Utilizando-me de conhecida metáfora médica, prescrever um remédio é algo relativamente fácil: o difícil é fazer o prévio e correto diagnóstico da doença. Sabido qual é o mal que acomete o paciente, é só escolher o remédio indicado para aquela enfermidade.

A morosidade do processo é apenas o sintoma de uma doença, tal qual o estágio febril de um ser vivo. Mas o que causa essa febre? Se não for atacada esta causa, com os remédios corretos, os sintomas evidentemente permanecerão, e o doente pode até mesmo piorar... ou morrer.

O atual CPC sofreu intensas reformas nos últimos 16 anos, todas invariavelmente apresentadas como destinadas a combater a morosidade. E a morosidade não foi solucionada com isso.
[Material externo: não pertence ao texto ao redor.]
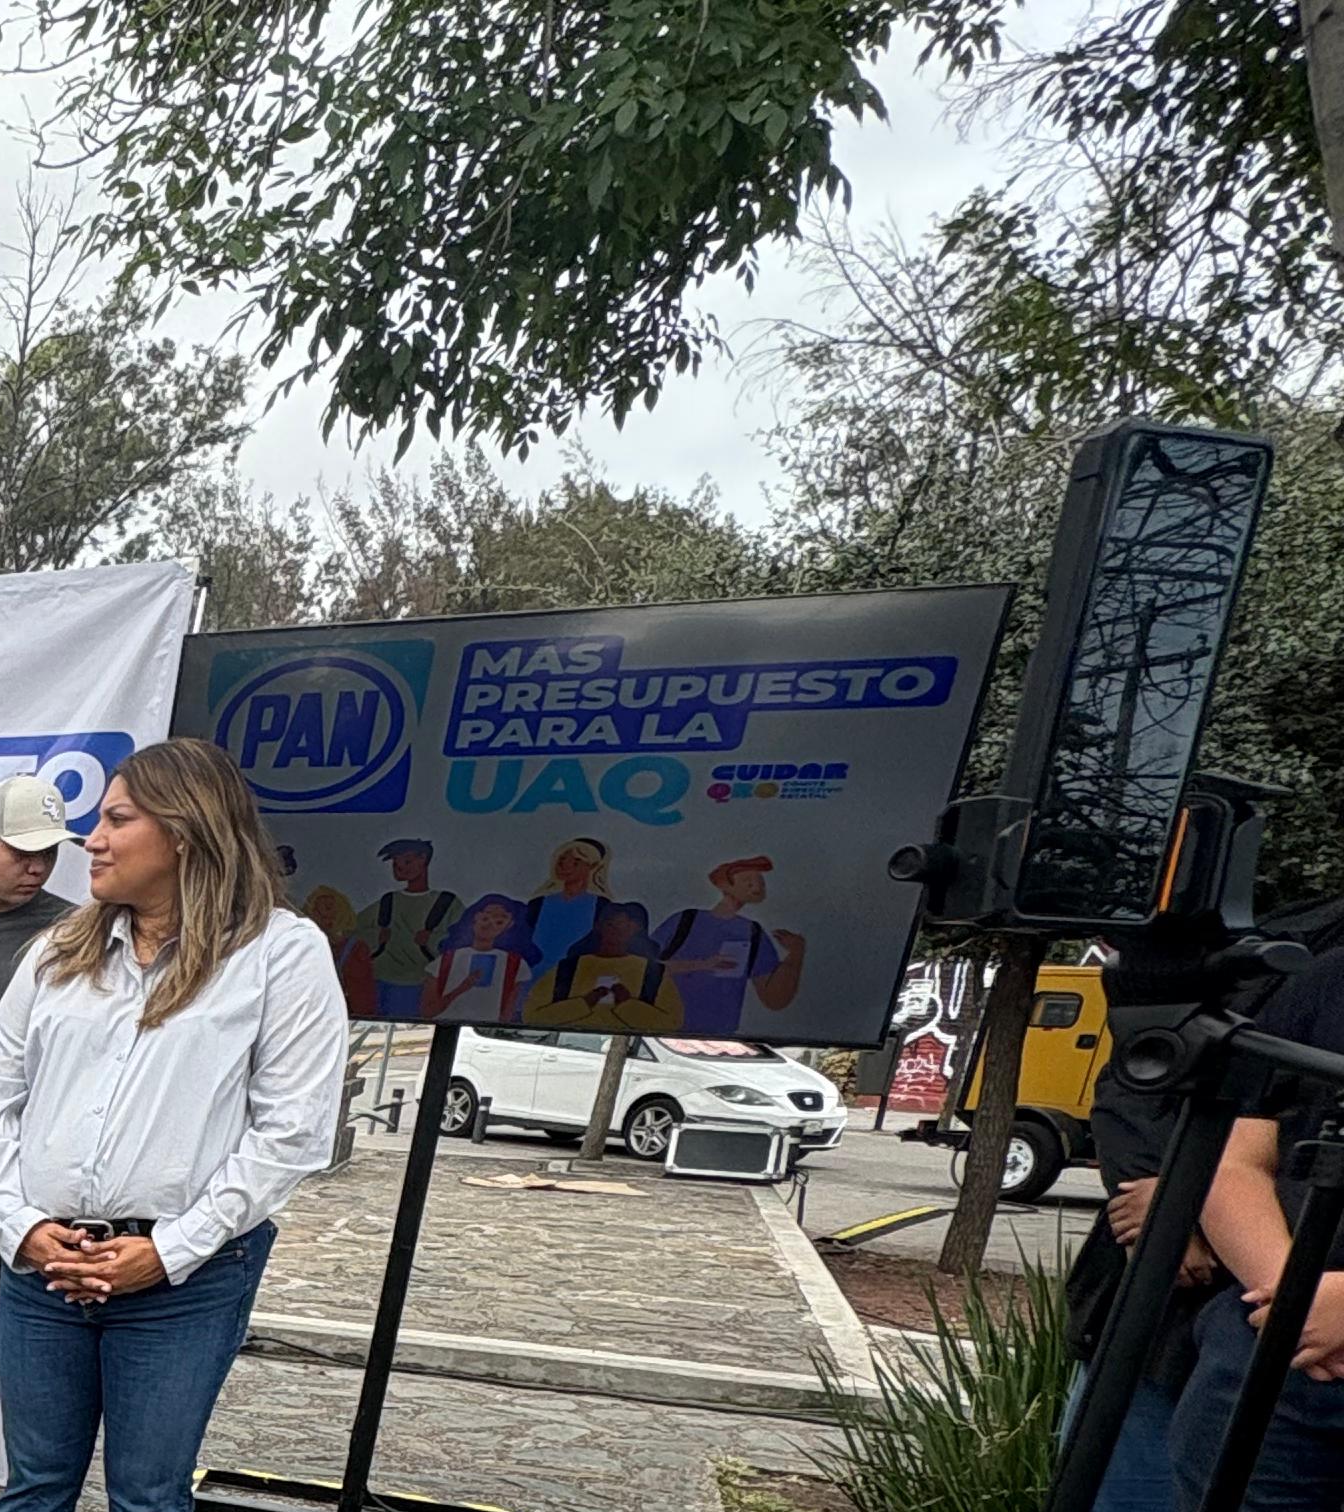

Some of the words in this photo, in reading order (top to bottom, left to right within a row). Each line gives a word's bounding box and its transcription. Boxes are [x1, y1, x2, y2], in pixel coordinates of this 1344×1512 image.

[462, 666, 936, 714] PRESUPUESTO
[240, 690, 381, 769] PAN
[455, 714, 622, 750] PARA
[639, 711, 723, 744] LA
[445, 755, 691, 826] UAQ
[711, 762, 849, 781] CUIDAR
Parece mais do que claro que o problema da lentidão não era o CPC de 1973, nem em sua redação original, nem na que se encontra atualmente em vigor, depois de intensa reforma. Não que a lei não possa ser alterada, por razões outras, e várias foram as boas alterações que tivemos nesses anos; nem todas, porém, são merecedoras de elogios, e quase nenhuma verdadeiramente atacou o problema da demora.

Algumas esferas do Poder Judiciário, que nestes últimos anos investiram decididamente em infraestrutura e organização (e contaram com recursos financeiros para tanto), lograram, mesmo com esta lei que temos, obter ganhos visíveis em prol da celeridade, o que é mais um indicativo de que a lei atual não é óbice à celeridade.
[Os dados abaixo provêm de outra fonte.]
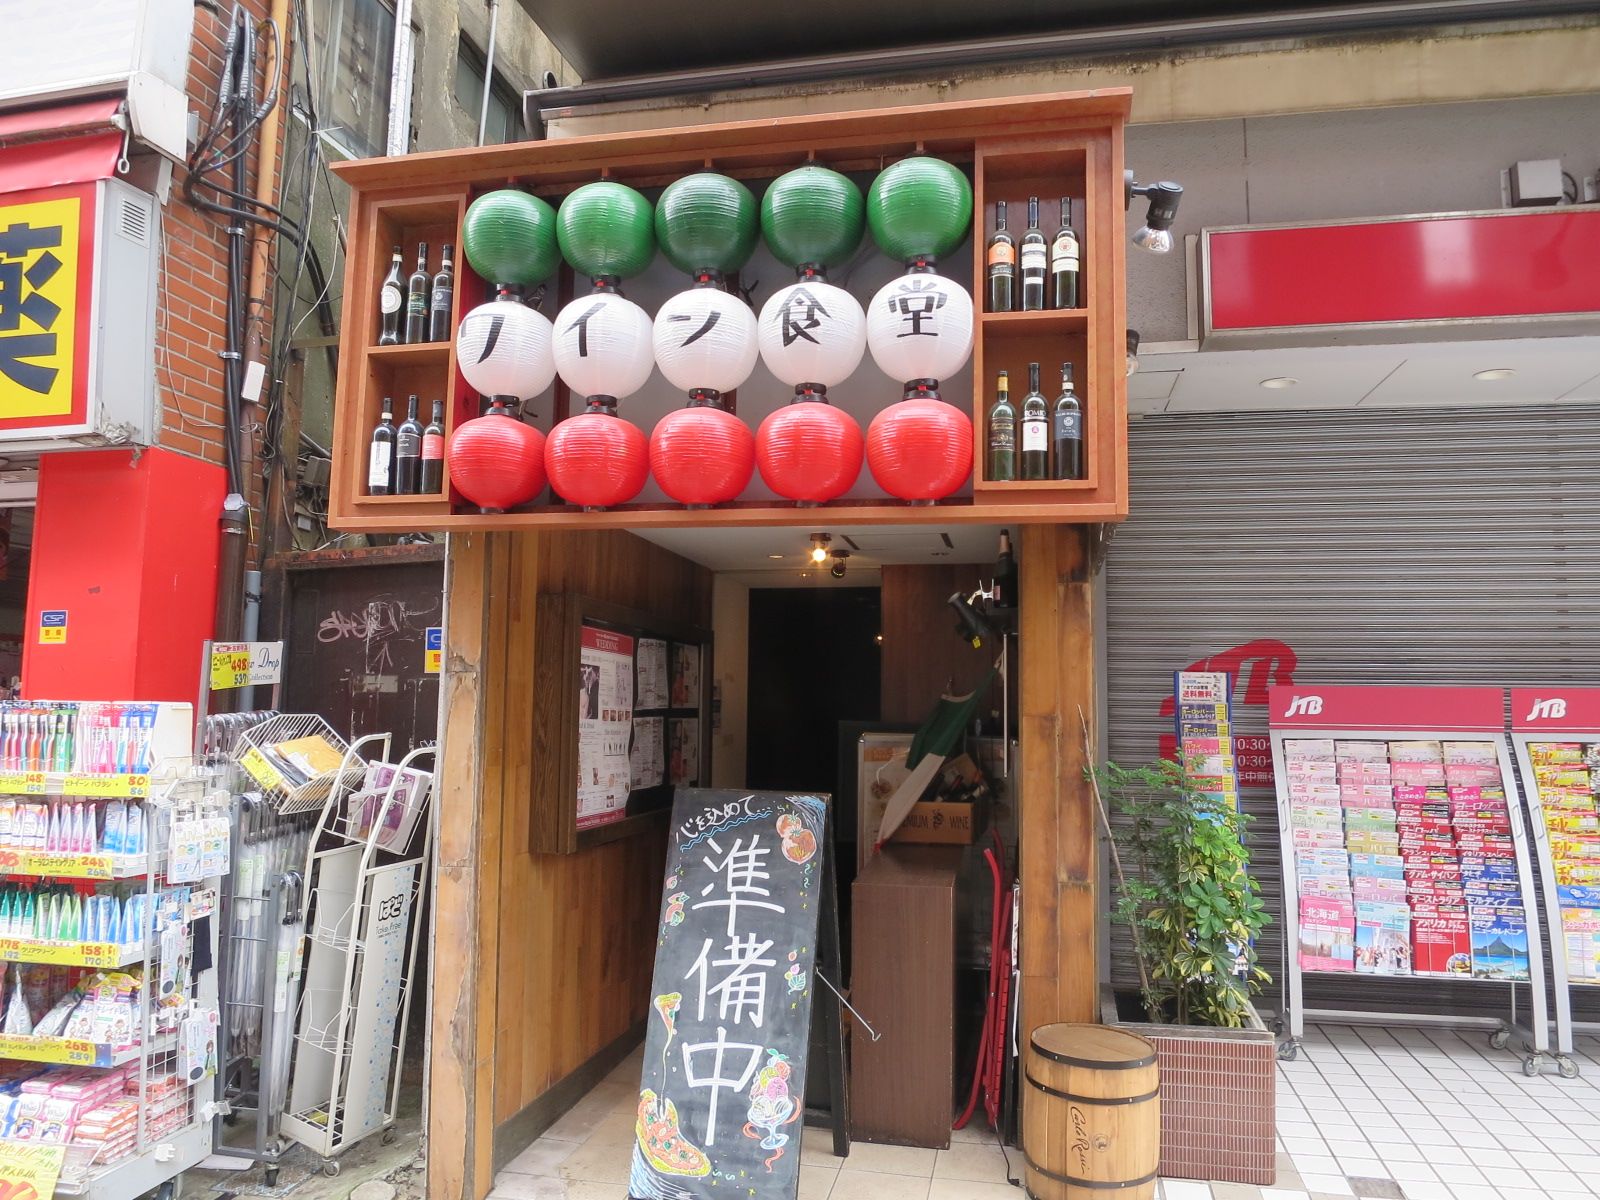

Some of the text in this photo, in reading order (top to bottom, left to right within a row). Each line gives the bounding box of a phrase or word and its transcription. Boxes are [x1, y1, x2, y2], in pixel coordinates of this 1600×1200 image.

[460, 278, 949, 364] ワイン食堂
[257, 646, 280, 671] Drop
[230, 657, 248, 672] 498
[233, 673, 247, 685] 537
[1182, 690, 1213, 698] 送料無料
[1285, 695, 1324, 718] JTB
[1526, 698, 1568, 721] JTB
[25, 773, 43, 784] 148
[128, 775, 146, 786] 80
[129, 787, 144, 796] 86
[949, 815, 970, 830] WINE
[1410, 895, 1461, 905] オーストラリア
[1305, 906, 1340, 920] 北海道
[1415, 919, 1447, 929] アメリカ
[1473, 927, 1525, 936] ニューカレドニア
[3, 950, 20, 959] 192
[80, 945, 102, 956] 158
[84, 957, 102, 966] 170
[681, 833, 785, 1147] 準備中
[64, 1040, 89, 1051] 268
[68, 1051, 90, 1061] 289
Por outro lado, quando se observa o que acontece no Estado de São Paulo, que concentra cerca de 40% do movimento forense nacional (sem que sua capacidade física e humana corresponda ao mesmo percentual da estrutura judiciária nacional), é difícil embalar a idéia de que um novo CPC possa significar qualquer expectativa de melhoria, mínima que seja, para a insuportável demora hoje vivenciada.

Quando meses são necessários para uma mera juntada de petição, expedição de guia de levantamento ou de um outro mandado qualquer, ou somente para certificar o trânsito em julgado da sentença, é de se indagar o que uma lei - qualquer lei, qualquer que seja seu texto - pode oferecer para sanar esses males. Há excesso de recursos? Pode ser que sim! Mas processos já demoram anos em primeiro grau de jurisdição, sem que tenha sido apresentado qualquer recurso! Alterar regimes recursais não vai, por certo, solucionar esse tipo de problema, que se tornou regra absoluta em todos os órgãos judiciais das justiças estadual e federal de São Paulo (e provavelmente de outros lugares, mas reservo-me a falar do que conheço com mais intimidade...).
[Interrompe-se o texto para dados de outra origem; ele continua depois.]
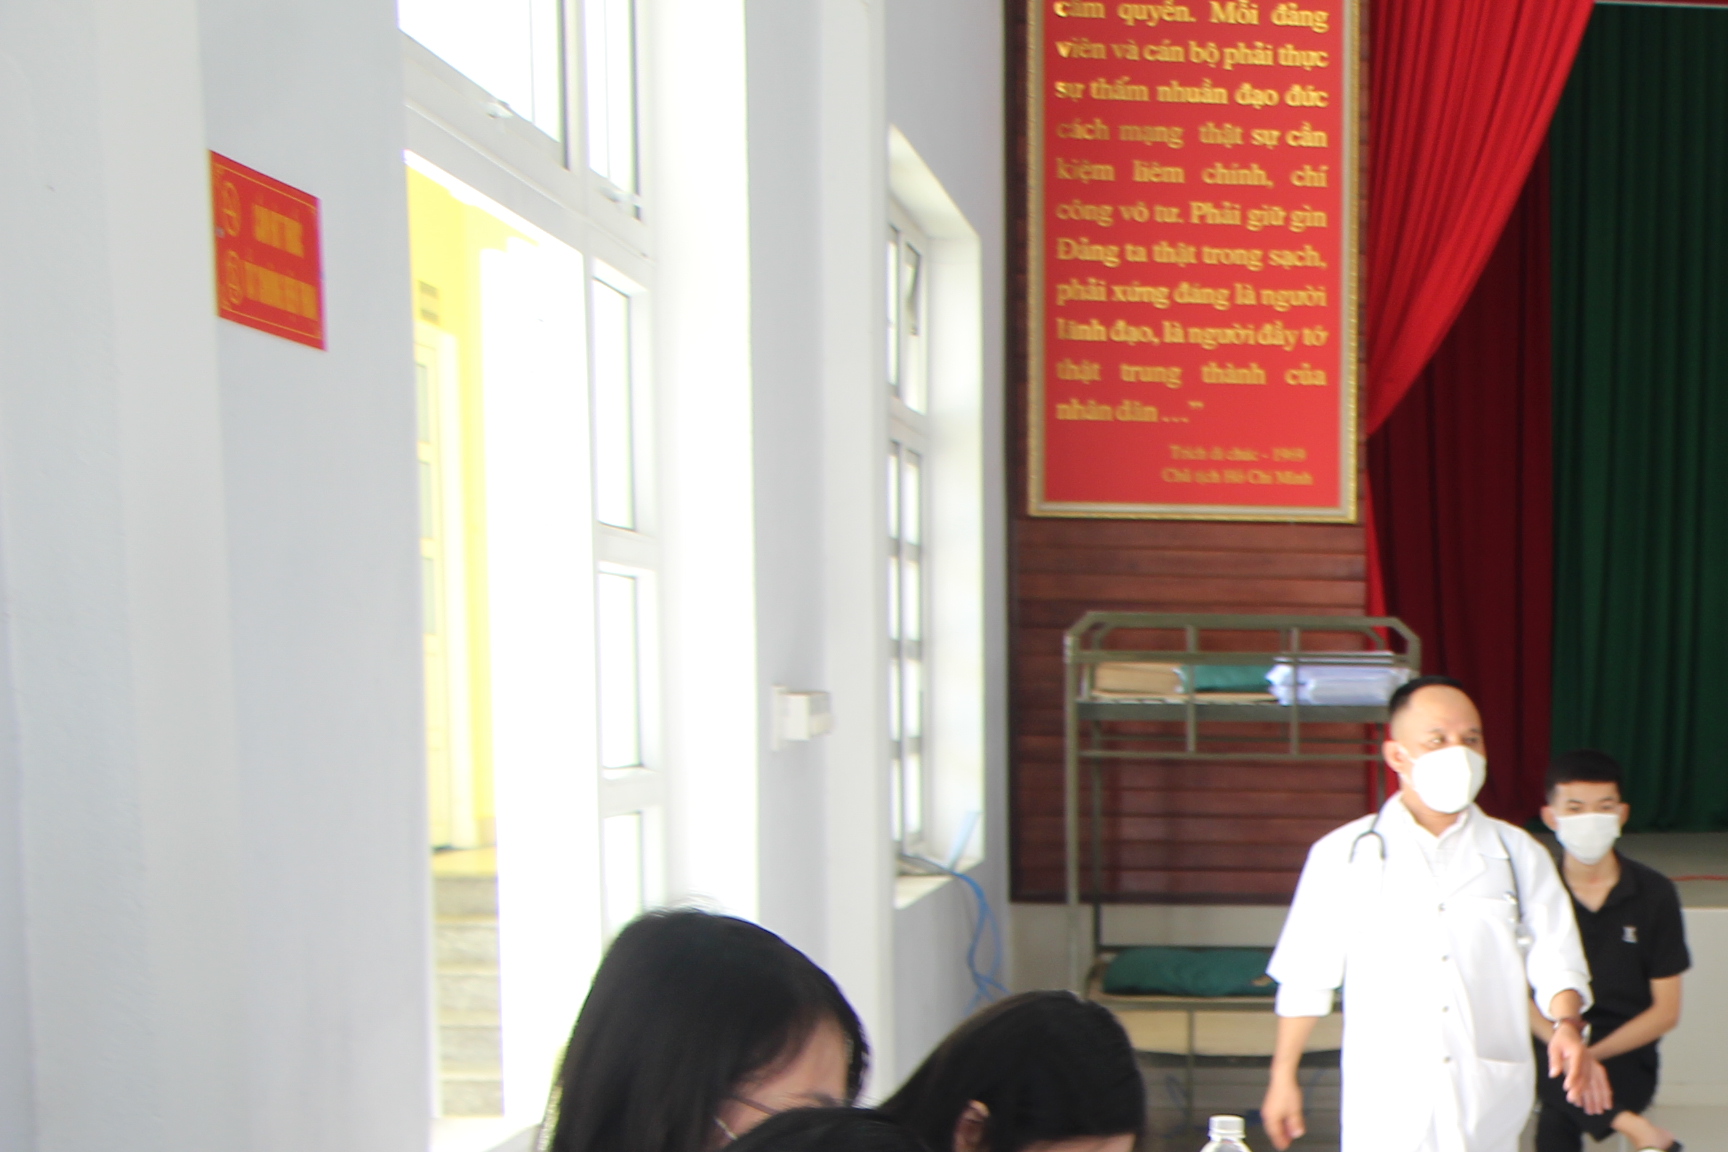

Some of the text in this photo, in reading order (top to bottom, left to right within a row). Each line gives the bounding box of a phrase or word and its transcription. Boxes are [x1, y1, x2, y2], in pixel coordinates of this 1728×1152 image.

[1124, 244, 1148, 262] ta
[1201, 245, 1264, 272] trong
[1120, 364, 1182, 389] trung
Mas o que mais sugeriria a prudência de esperar um pouco mais, antes de se propor, ou de se aprovar, um novo Código Processual, é a recente inserção de novas tecnologias no processo. A informatização, mais do que uma mera alteração da forma, pode significar um caminho para se revolucionar também o modo de ser do processo. Diante disso, é de se pensar se não estaremos despendendo esforços inutilmente neste momento, discutindo, aprovando e colocando em vigor uma lei que pode se tornar obsoleta em poucos anos, tão logo os tribunais estejam amplamente informatizados.

É com esses olhos que vejo esses recentes esforços para a criação de um novo CPC. Coubesse a mim a escolha, não se faria alteração alguma na lei processual até que fosse possível vislumbrar um novo processo, calcado na ampla informatização judicial. Tratei desse possível impacto das novas tecnologias sobre o modo de ser do processo em minha tese de livre-docência, recém apresentada e ainda não defendida, razão pela qual convém abster-me de adiantar aqui os seus detalhes, ao menos por ora.

Se, porém, há um projeto em trâmite, vamos, então, discuti-lo aqui. Se o projeto em trâmite é uma realidade, só nos resta utilizar este espaço para analisar, discutir, elogiar ou criticar as específicas propostas do texto que se encontra no Congresso Nacional. Sem deixar de lado essa posição inicial - que fiz questão de declinar nesta minha mensagem inaugural, no sentido de que uma nova lei não é oportuna no presente momento - se temos um projeto, vamos discuti-lo!